▶ **Exercise instructions**
Leaving the pictures aside, repeat every line below exactly.

╭─ Listed records

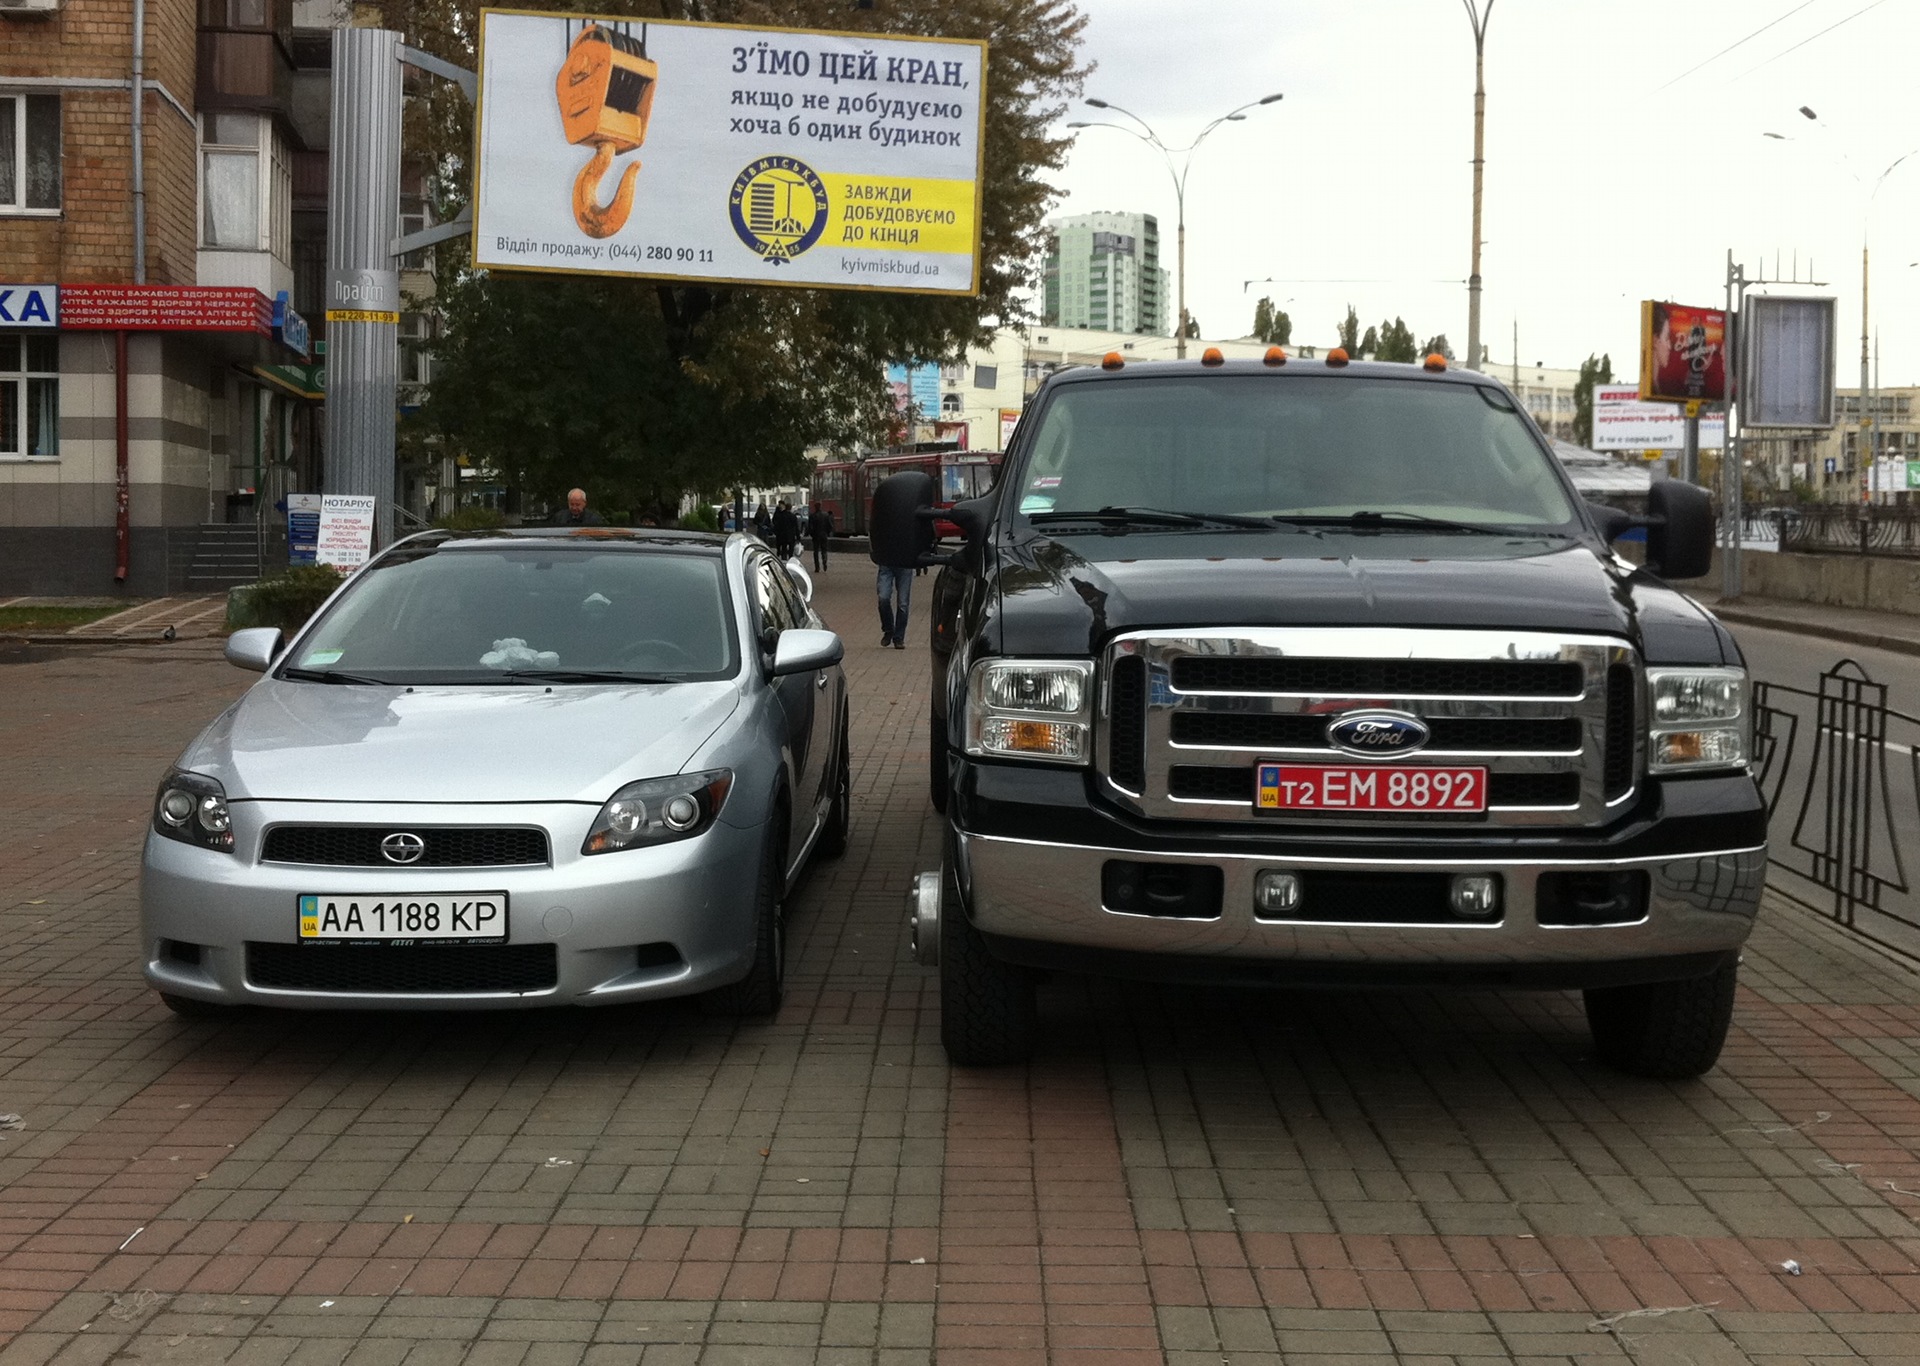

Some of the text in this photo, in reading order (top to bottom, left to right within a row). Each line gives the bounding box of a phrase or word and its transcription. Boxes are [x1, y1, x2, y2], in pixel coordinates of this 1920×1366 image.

[819, 50, 878, 84] ЦЕЙ
[886, 57, 969, 90] КРАН,
[730, 90, 962, 121] якщо не добудуємо
[730, 116, 961, 147] хоча б один будинок
[731, 157, 828, 211] КИЇВМІСЬКБУД
[844, 184, 911, 204] ЗАВЖДИ
[843, 205, 955, 225] ДОБУДОВУЄМО
[842, 226, 919, 244] ДО КІНЦЯ
[497, 236, 713, 262] Відділ продажу: (044) 280 90 11
[841, 257, 939, 275] kyivmiskbud.ua
[324, 499, 373, 508] НОТАРІУС
[1350, 721, 1407, 746] Ford
[1262, 793, 1277, 802] UA
[1281, 771, 1475, 807] T2 EM 8892
[304, 922, 317, 931] UA
[321, 902, 497, 932] AA 1188 KP

╰─

▶ **Exercise result**
Some of the text in this photo, in reading order (top to bottom, left to right within a row). Each line gives the bounding box of a phrase or word and its transcription. Boxes are [x1, y1, x2, y2], in pixel coordinates of this 1920×1366 image.

[819, 50, 878, 84] ЦЕЙ
[886, 57, 969, 90] КРАН,
[730, 90, 962, 121] якщо не добудуємо
[730, 116, 961, 147] хоча б один будинок
[731, 157, 828, 211] КИЇВМІСЬКБУД
[844, 184, 911, 204] ЗАВЖДИ
[843, 205, 955, 225] ДОБУДОВУЄМО
[842, 226, 919, 244] ДО КІНЦЯ
[497, 236, 713, 262] Відділ продажу: (044) 280 90 11
[841, 257, 939, 275] kyivmiskbud.ua
[324, 499, 373, 508] НОТАРІУС
[1350, 721, 1407, 746] Ford
[1262, 793, 1277, 802] UA
[1281, 771, 1475, 807] T2 EM 8892
[304, 922, 317, 931] UA
[321, 902, 497, 932] AA 1188 KP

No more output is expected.